Dans la salle de bowling, des dizaines de pistes s’accolent prêtes à accueillir les trajectoires incertaines de balles lancées à leur encontre. Le lieu s’apparente à un espace régit par des dynamiques combinatoires car toutes mues par le même objectif : renverser des quilles. Simple, non ? Aussi simple que le désir de récupérer son tapis. Pour incongrue qu’elle apparaisse, cette comparaison doit être rapportée à son contexte d’origine : un scénario des frères Coen. La ressortie en salles la semaine dernière de The Big Lebowski (1998) est là pour nous rappeler la valeur des talents conjugués de ce tandem insolite.
Film (noir)
« Post-moderne », « néo-classique », pour qualifier le cinéma des Coen, les étiquettes ne manquent pas. Conformes à une certaine tendance du cinéma américain des années quatre-vingt-dix, les deux frères font de la citation un moyen d’émettre un discours sur l’histoire de leur médium. Mais là où un Quentin Tarantino fait de l’allusion un procédé encyclopédique et ludique, les Coen s’approprient la structure d’un genre pour mieux se détourner de ses codes et de ses motifs. Soit ici le film noir dont The Big Lebowski s’amuse à subvertir les archétypes. Pas de détective mais un gentil looser (Jeff Bridges), le Lebwoski du titre, surnommé « The Dude », perdu comme il se doit dans une enquête qu’il n’a jamais engagé ; une femme fatale en pleine crise de maternité (Julianne Moore) ; des kidnappeurs amateurs de philosophie et de musique électronique.

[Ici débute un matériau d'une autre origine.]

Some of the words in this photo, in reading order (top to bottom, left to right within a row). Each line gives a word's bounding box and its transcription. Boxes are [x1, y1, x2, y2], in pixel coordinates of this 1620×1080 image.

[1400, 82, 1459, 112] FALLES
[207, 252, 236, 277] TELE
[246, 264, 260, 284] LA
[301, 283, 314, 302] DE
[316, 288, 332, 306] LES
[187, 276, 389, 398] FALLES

Outre l’effet comique ainsi obtenu, le décalage permet aux Coen de réfléchir les mécanismes de production génériques. Ainsi doit se comprendre le dialogue entretenu par l’étrange cow-boy et Lebowski. Pour incarner et véhiculer un « type » (appelé à devenir un « stéréotype ») il faut apparaitre au bon endroit (Los Angeles) et au bon moment (le début des années quatre-vingt-dix), appartenir à un espace-temps à même d’accueillir un héros non moins singulier. Aussi, le « Dude » n’est pas la énième version d’un Marlowe désabusé, il est le « Dude » et c’est déjà beaucoup, tout comme le film des Coen n’est pas seulement une intelligente variation autour des canevas narratifs du film noir type Le grand sommeil (The Big Sleep, Howard Hawks, 1946), il est un film dont l’intérêt tient à son originalité de ton et de forme, ce qui en fait une œuvre unique.

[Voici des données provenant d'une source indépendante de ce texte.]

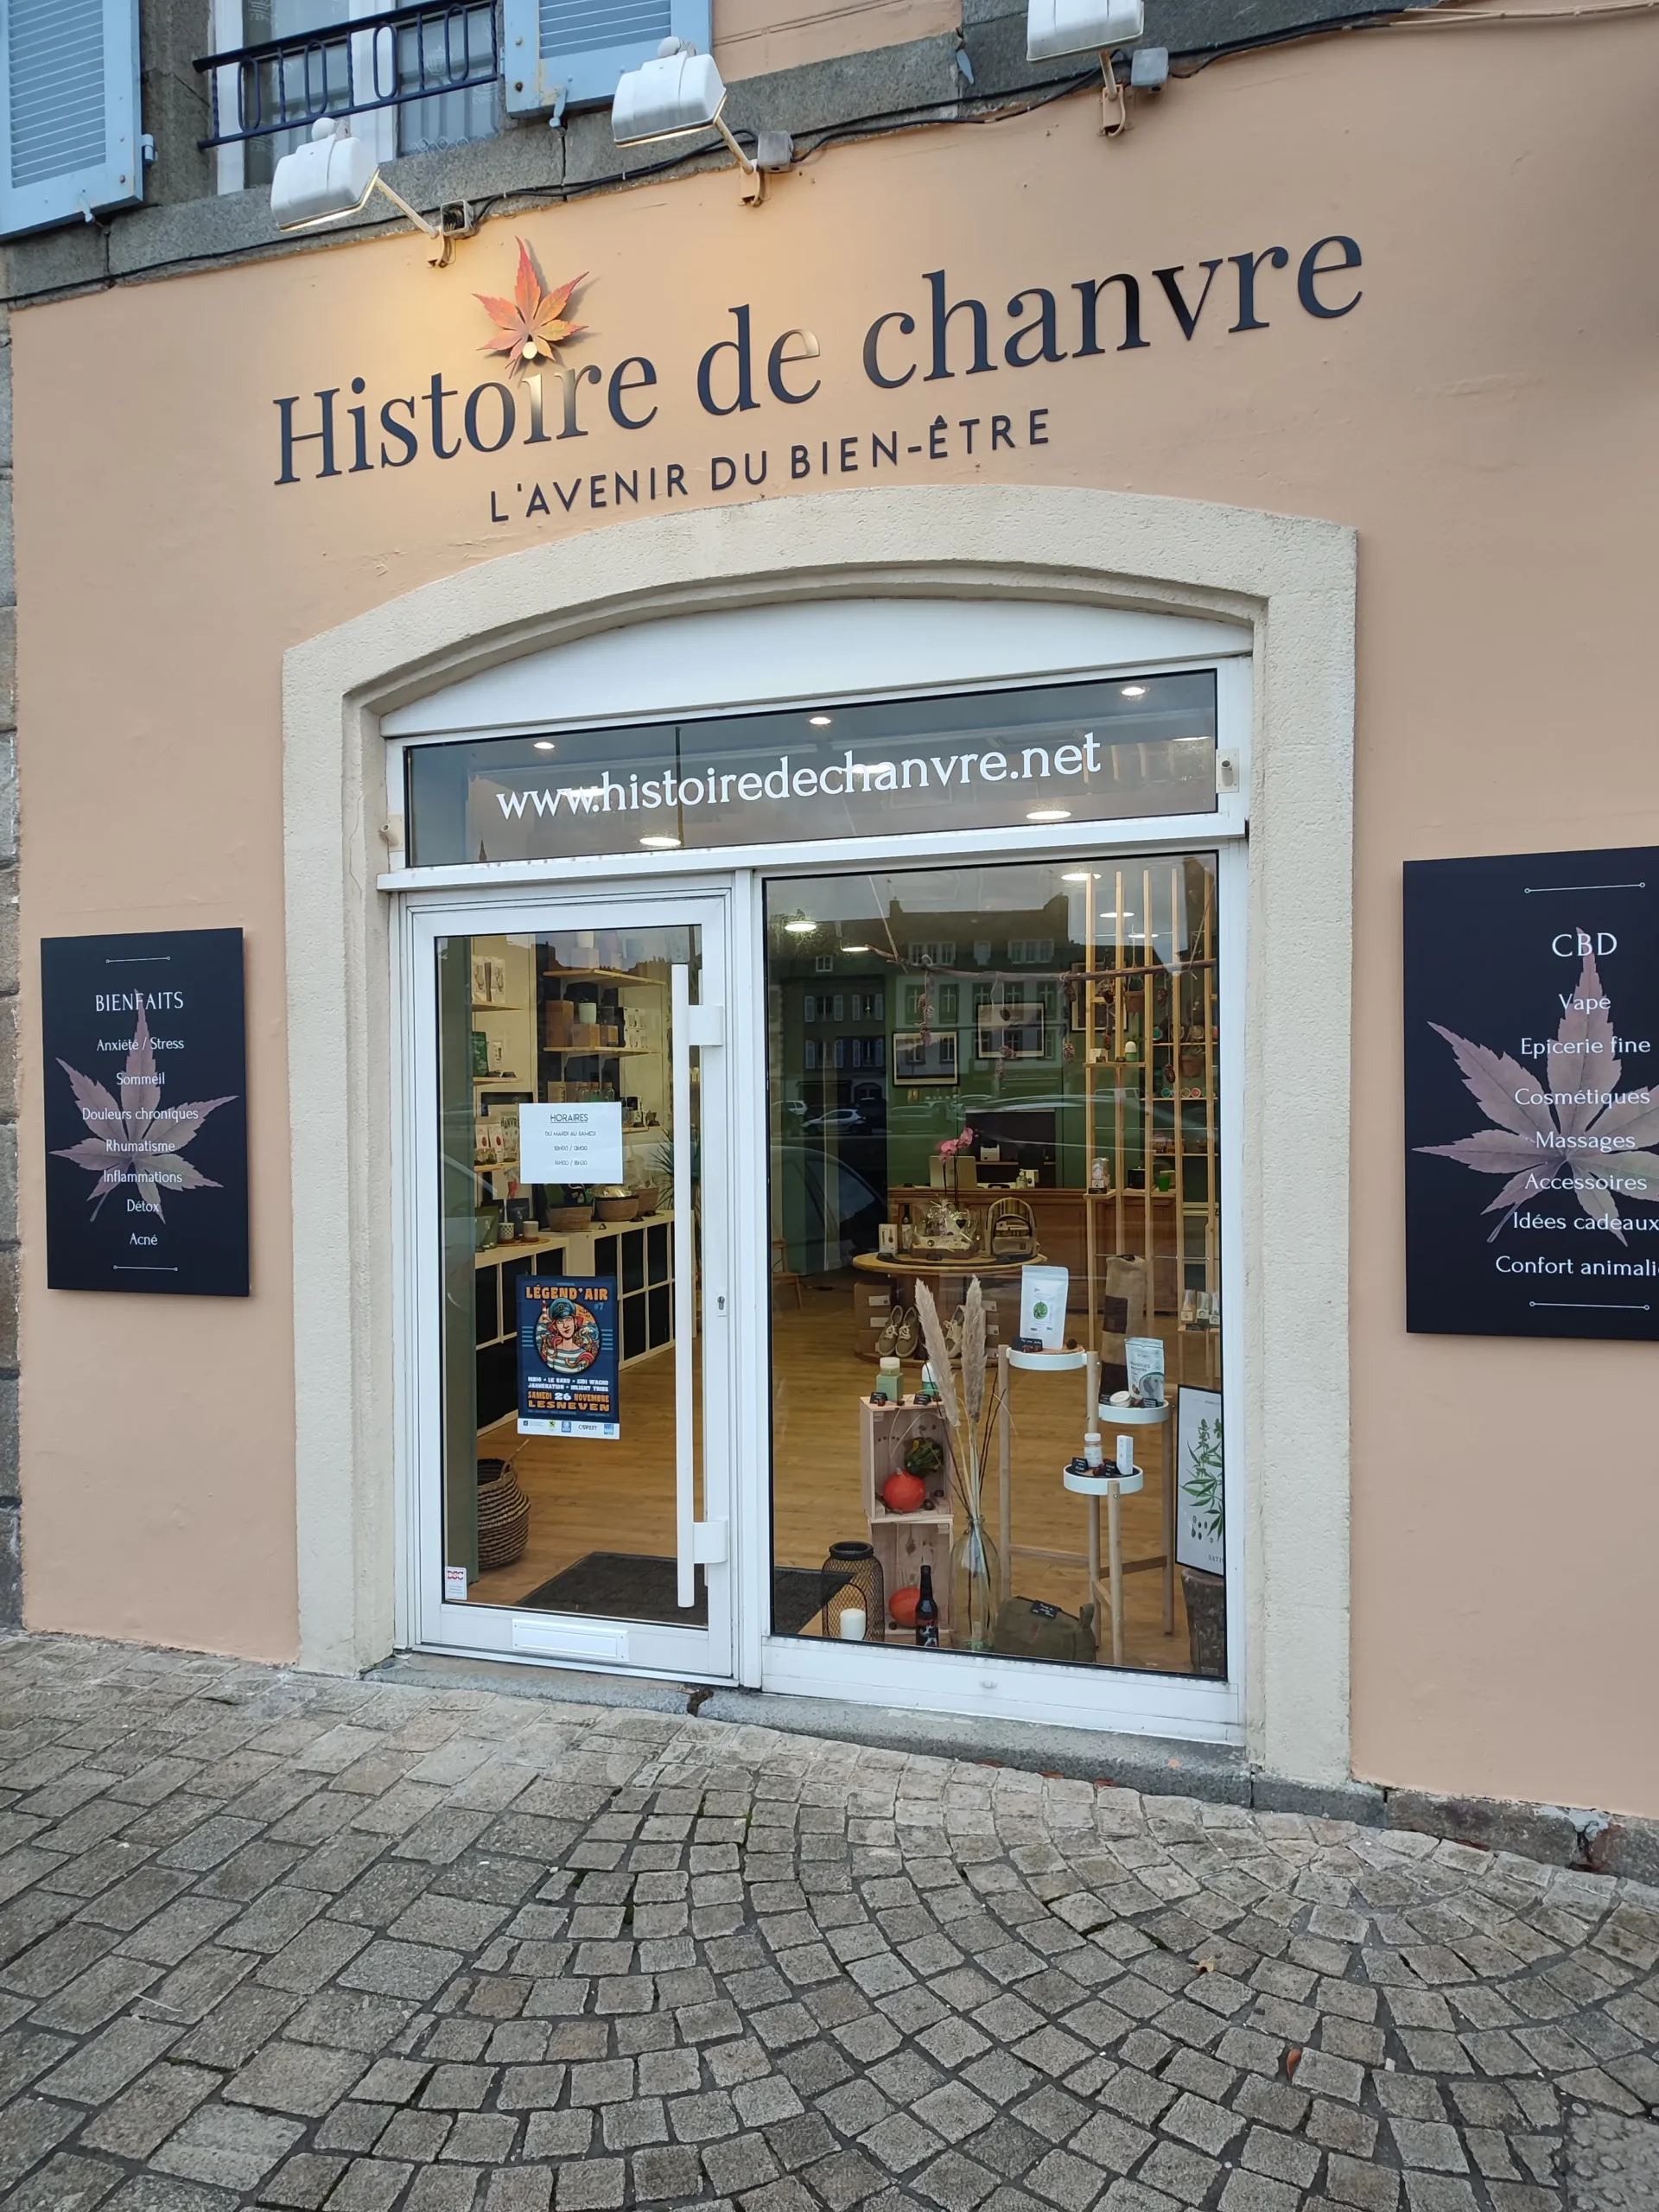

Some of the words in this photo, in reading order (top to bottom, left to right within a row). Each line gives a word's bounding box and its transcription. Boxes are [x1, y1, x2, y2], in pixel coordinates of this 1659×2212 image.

[273, 356, 658, 485] Histoire
[696, 303, 821, 416] de
[862, 235, 1363, 388] chanvre
[490, 463, 689, 522] L'AVENIR
[711, 450, 767, 491] DU
[791, 408, 1049, 479] BIEN-ÊTRE
[496, 732, 1101, 820] www.histoiredechanvre.net
[1551, 932, 1618, 957] CBD
[95, 991, 184, 1012] BIENFAITS
[1558, 993, 1611, 1015] Vape
[96, 1039, 139, 1052] Anxiété
[142, 1037, 148, 1051] /
[149, 1036, 185, 1050] Stress
[1521, 1037, 1604, 1059] Epicerie
[1610, 1035, 1651, 1053] fine
[116, 1071, 165, 1085] Sommeil
[1514, 1087, 1650, 1109] Cosmétiques
[82, 1107, 132, 1121] Douleurs
[135, 1107, 199, 1122] chroniques
[550, 1113, 588, 1122] HORAIRES
[105, 1139, 175, 1153] Rhumatisme
[1535, 1130, 1636, 1154] Massages
[104, 1169, 183, 1183] Inflammations
[1524, 1173, 1648, 1191] Accessoires
[126, 1198, 160, 1212] Détox
[1513, 1211, 1567, 1230] Idées
[1573, 1212, 1659, 1231] cadeaux
[130, 1232, 158, 1246] Acné
[1496, 1255, 1574, 1274] Confort
[1580, 1258, 1659, 1276] animali
[527, 1391, 552, 1400] SAMEDI
[554, 1392, 572, 1401] 26
[574, 1393, 609, 1403] NOVEMBRE
[528, 1400, 610, 1412] LESNEVEN

« Votre révolution est finie »
Voilà ce qu’assène le milliardaire commanditaire à notre héros venu lui réclamer des dommages et intérêts pour le vol de son tapis. La-dite révolution est celles des années soixante et soixante-dix, décennies à l’intérieur desquelles les personnages du film semblent être restés coincés à jamais. Le « Dude » s’enorgueillit d’avoir mené les premières manifestations contre la guerre du Vietnam, tandis que Walter (John Goodman), son meilleur ami, invoque sans celle le conflit vietnamien afin de justifier son comportement impulsif. C’est bien ici aussi que s’origine le cinéma des Coen, dans ce Nouvel Hollywood qui avait su faire des codes du classicisme la matière d’une hybridation narrative et formelle avec les innovations du cinéma européen des années soixante. Aussi, The Big Lebowski s’apparente au Privé (The Long Goodbye, 1973) de Robert Altman : même héros lunatique, même intérêt plastique sinon topographique pour la ville de Los Angeles, même goût pour les récits décousus.
Sans nostalgie mais avec conscience et lucidité, le cinéma des Coen ravive les braises de la décennie passée et affirme que la révolution du « Dude » n’est pas terminée. Seulement celle-ci, comme la boule de bowling lancée sur la piste, doit bifurquer, changer de trajectoire, peut-être s’adapter – l’Irak à la place du Vietnam – et attendre un seul évènement, aussi anecdotique soit-il (la disparition d’un tapis par exemple), pour se réveiller et renverser les quilles.